Give back every entry exactly as it is written, but not the pictures.

Start of Extracted entries

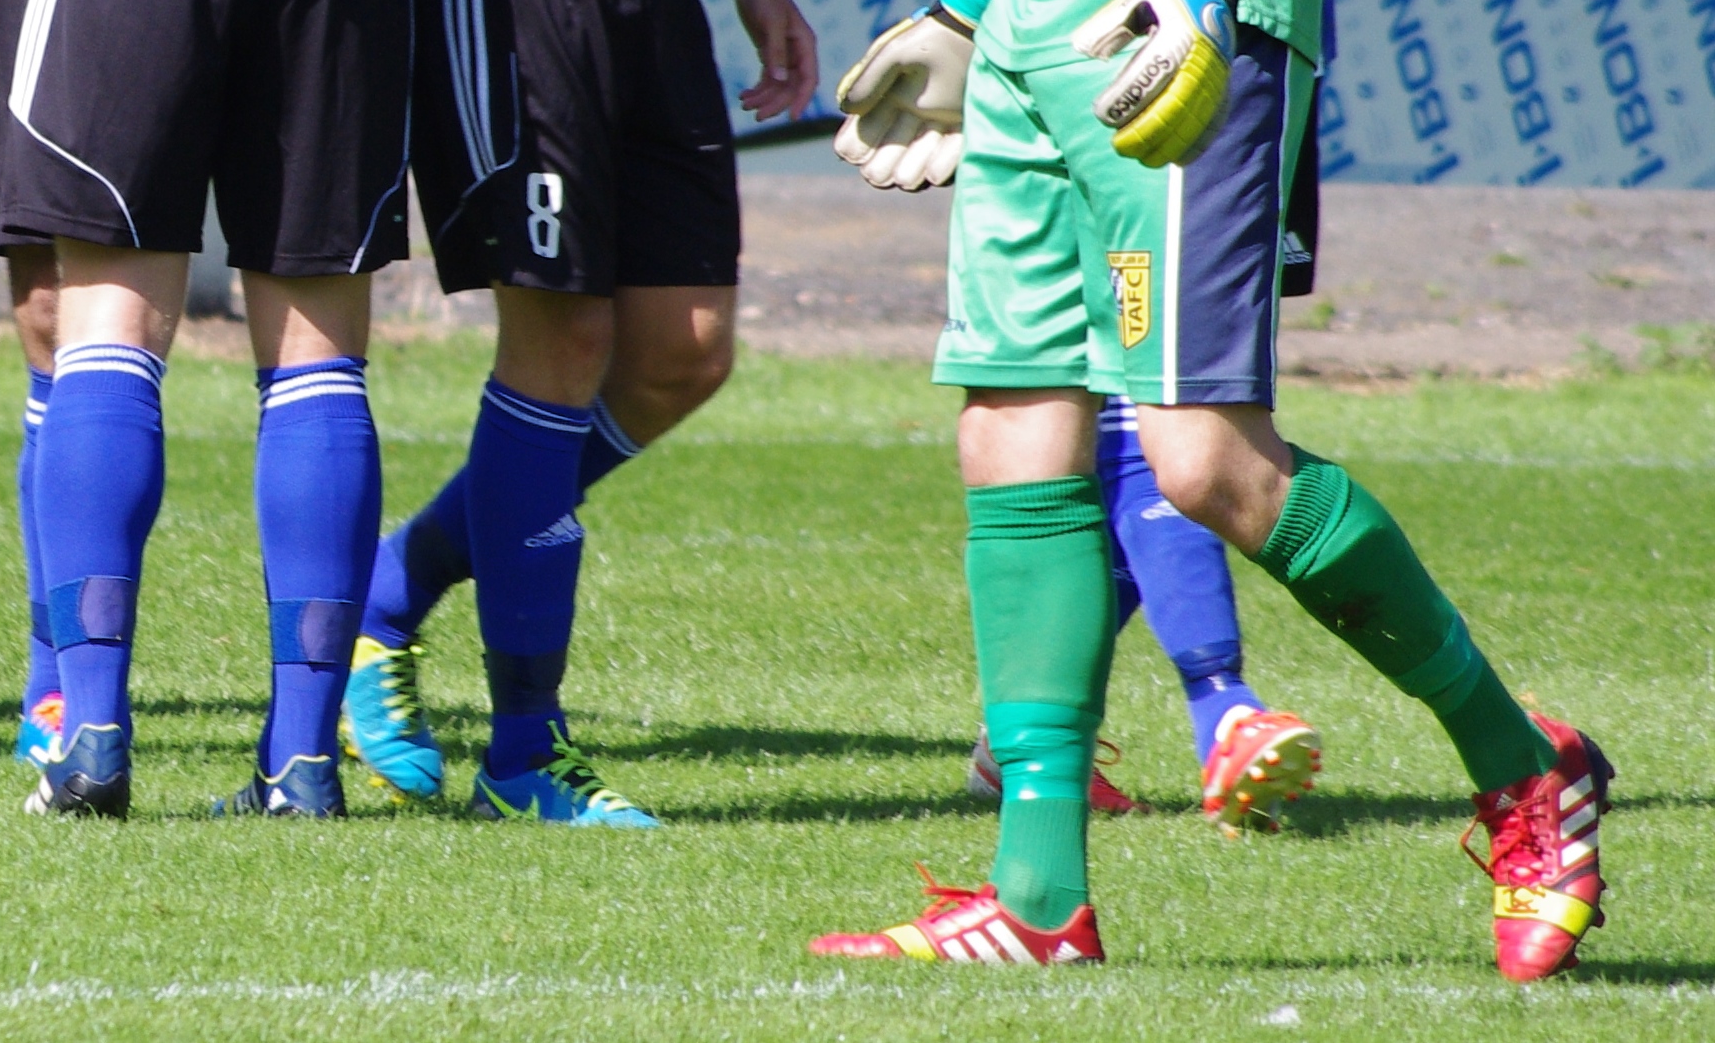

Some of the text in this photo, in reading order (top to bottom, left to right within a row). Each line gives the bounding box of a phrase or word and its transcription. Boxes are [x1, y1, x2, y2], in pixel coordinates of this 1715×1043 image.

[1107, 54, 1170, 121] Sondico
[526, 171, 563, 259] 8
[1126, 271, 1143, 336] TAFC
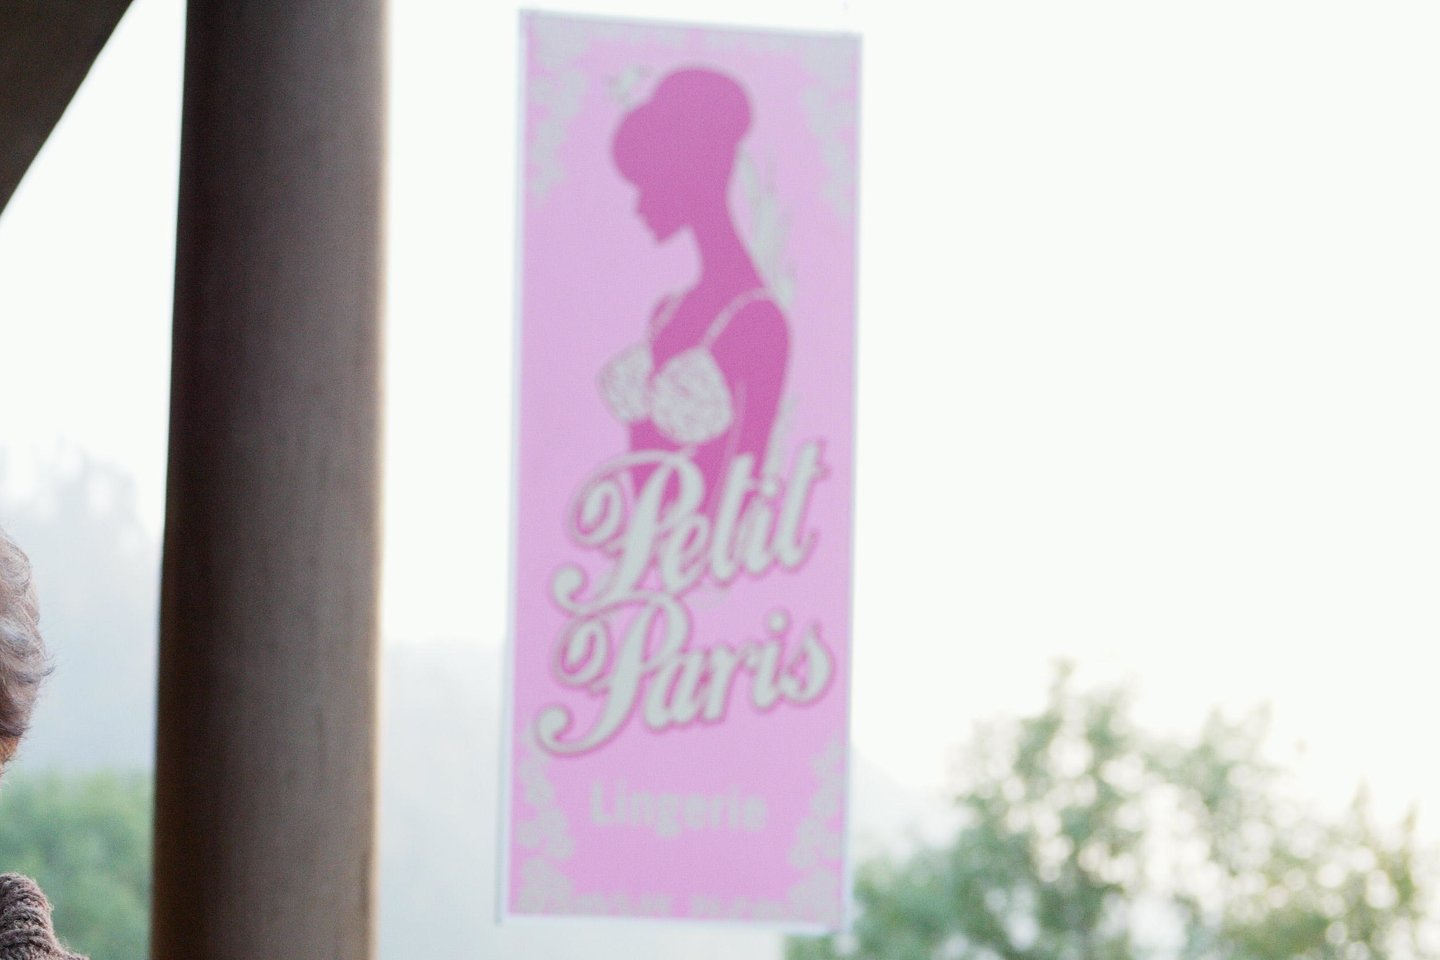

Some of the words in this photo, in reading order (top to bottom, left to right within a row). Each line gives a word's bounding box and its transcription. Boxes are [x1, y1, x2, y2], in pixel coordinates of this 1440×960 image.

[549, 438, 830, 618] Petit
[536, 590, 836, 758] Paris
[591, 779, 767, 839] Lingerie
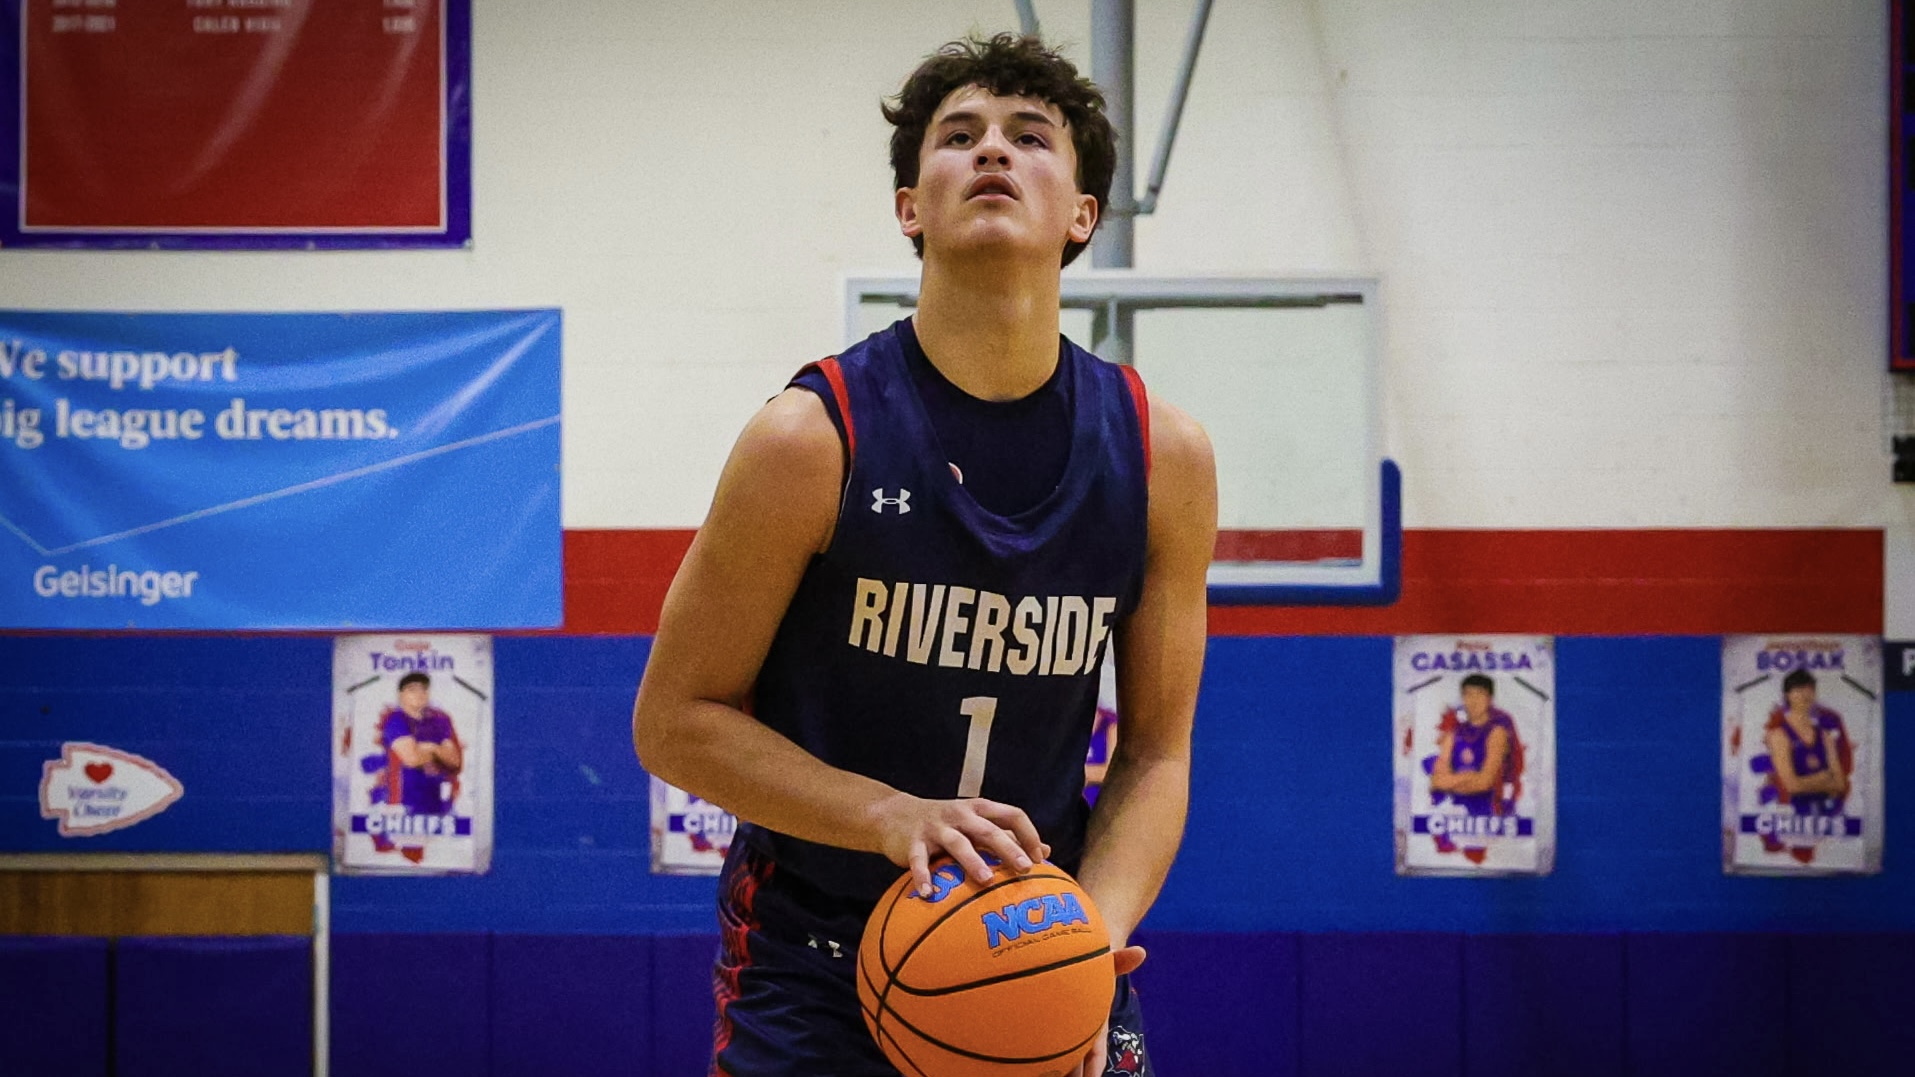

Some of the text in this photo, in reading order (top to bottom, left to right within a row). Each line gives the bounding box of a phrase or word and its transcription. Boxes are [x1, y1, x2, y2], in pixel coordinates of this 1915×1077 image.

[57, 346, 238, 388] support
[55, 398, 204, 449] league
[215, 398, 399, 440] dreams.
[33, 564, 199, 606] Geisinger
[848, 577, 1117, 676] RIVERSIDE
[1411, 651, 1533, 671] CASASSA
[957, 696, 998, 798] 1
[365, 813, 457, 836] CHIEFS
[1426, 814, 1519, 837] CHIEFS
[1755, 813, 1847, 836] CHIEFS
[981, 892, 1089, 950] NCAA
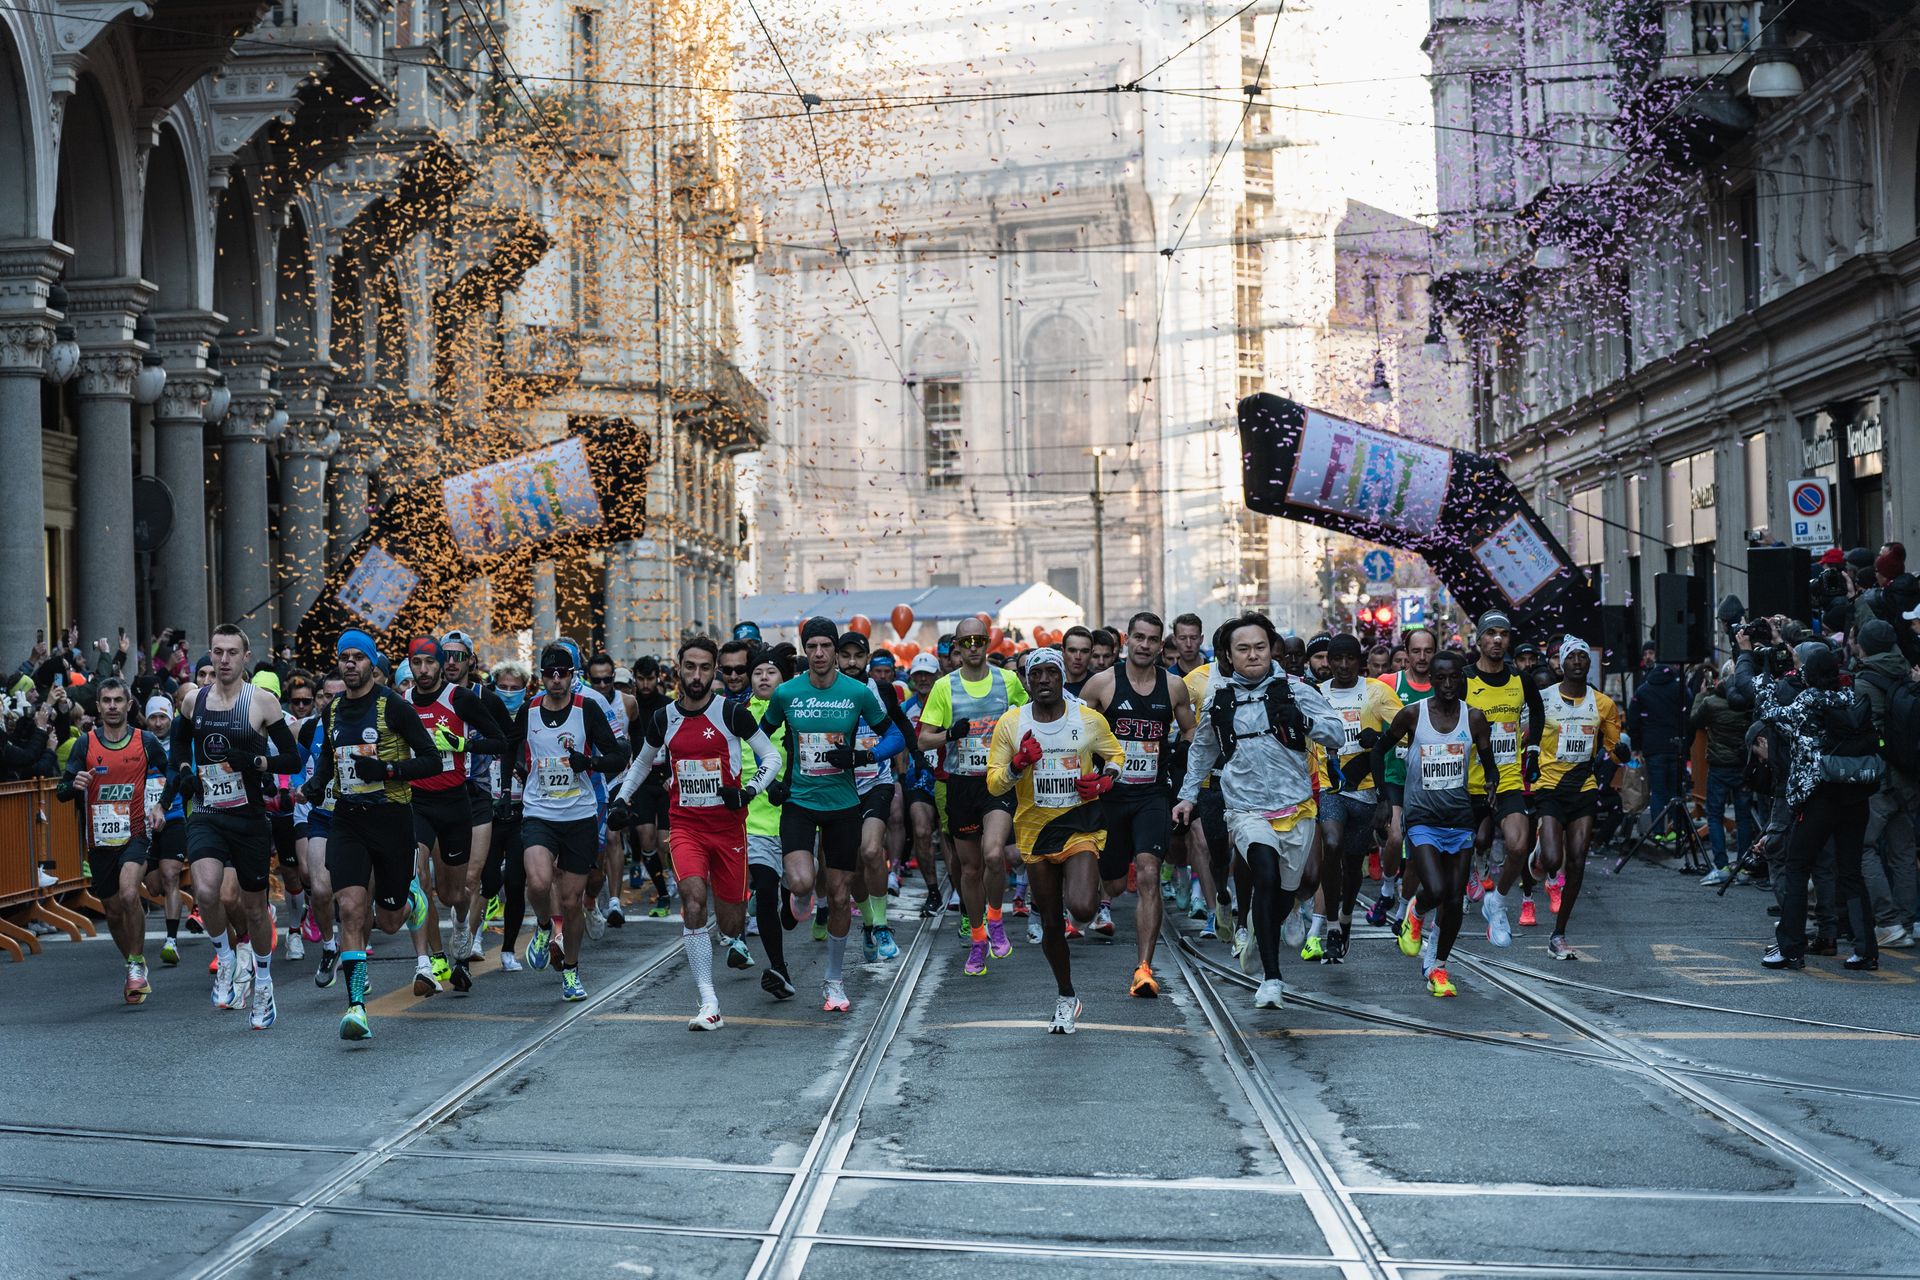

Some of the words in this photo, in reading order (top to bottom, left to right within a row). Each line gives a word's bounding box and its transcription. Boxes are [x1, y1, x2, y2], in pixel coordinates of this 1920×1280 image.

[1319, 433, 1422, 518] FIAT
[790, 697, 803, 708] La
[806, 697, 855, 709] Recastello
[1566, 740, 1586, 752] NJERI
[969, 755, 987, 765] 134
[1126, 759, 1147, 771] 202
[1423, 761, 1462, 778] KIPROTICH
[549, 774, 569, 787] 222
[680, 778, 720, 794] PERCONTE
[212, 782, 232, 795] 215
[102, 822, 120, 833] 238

End of Extracted entries

Answer space:
Some of the text in this photo, in reading order (top to bottom, left to right within a row). Each line gives the bounding box of a phrase or word and its transcription. Boxes are [x1, y1, x2, y2], in pixel coordinates of this 1715×1043 image.

[1107, 54, 1170, 121] Sondico
[526, 171, 563, 259] 8
[1126, 271, 1143, 336] TAFC

Some of the words in this photo, in reading order (top to bottom, left to right within a row). Each line gives a word's bounding box and its transcription. Boxes are [x1, y1, x2, y2], in pixel coordinates of this 1440×960 image.

[549, 438, 830, 618] Petit
[536, 590, 836, 758] Paris
[591, 779, 767, 839] Lingerie

Some of the text in this photo, in reading order (top to bottom, left to right within a row). Each line gives the bounding box of a phrase or word and its transcription. Boxes are [x1, y1, x2, y2], in pixel coordinates of this 1915×1077 image.

[57, 346, 238, 388] support
[55, 398, 204, 449] league
[215, 398, 399, 440] dreams.
[33, 564, 199, 606] Geisinger
[848, 577, 1117, 676] RIVERSIDE
[1411, 651, 1533, 671] CASASSA
[957, 696, 998, 798] 1
[365, 813, 457, 836] CHIEFS
[1426, 814, 1519, 837] CHIEFS
[1755, 813, 1847, 836] CHIEFS
[981, 892, 1089, 950] NCAA

Some of the words in this photo, in reading order (top to bottom, left to right within a row). Each line gives a word's bounding box and its transcription. Boxes are [x1, y1, x2, y2], in pixel coordinates of this 1920×1280 image.

[1319, 433, 1422, 518] FIAT
[790, 697, 803, 708] La
[806, 697, 855, 709] Recastello
[1566, 740, 1586, 752] NJERI
[969, 755, 987, 765] 134
[1126, 759, 1147, 771] 202
[1423, 761, 1462, 778] KIPROTICH
[549, 774, 569, 787] 222
[680, 778, 720, 794] PERCONTE
[212, 782, 232, 795] 215
[102, 822, 120, 833] 238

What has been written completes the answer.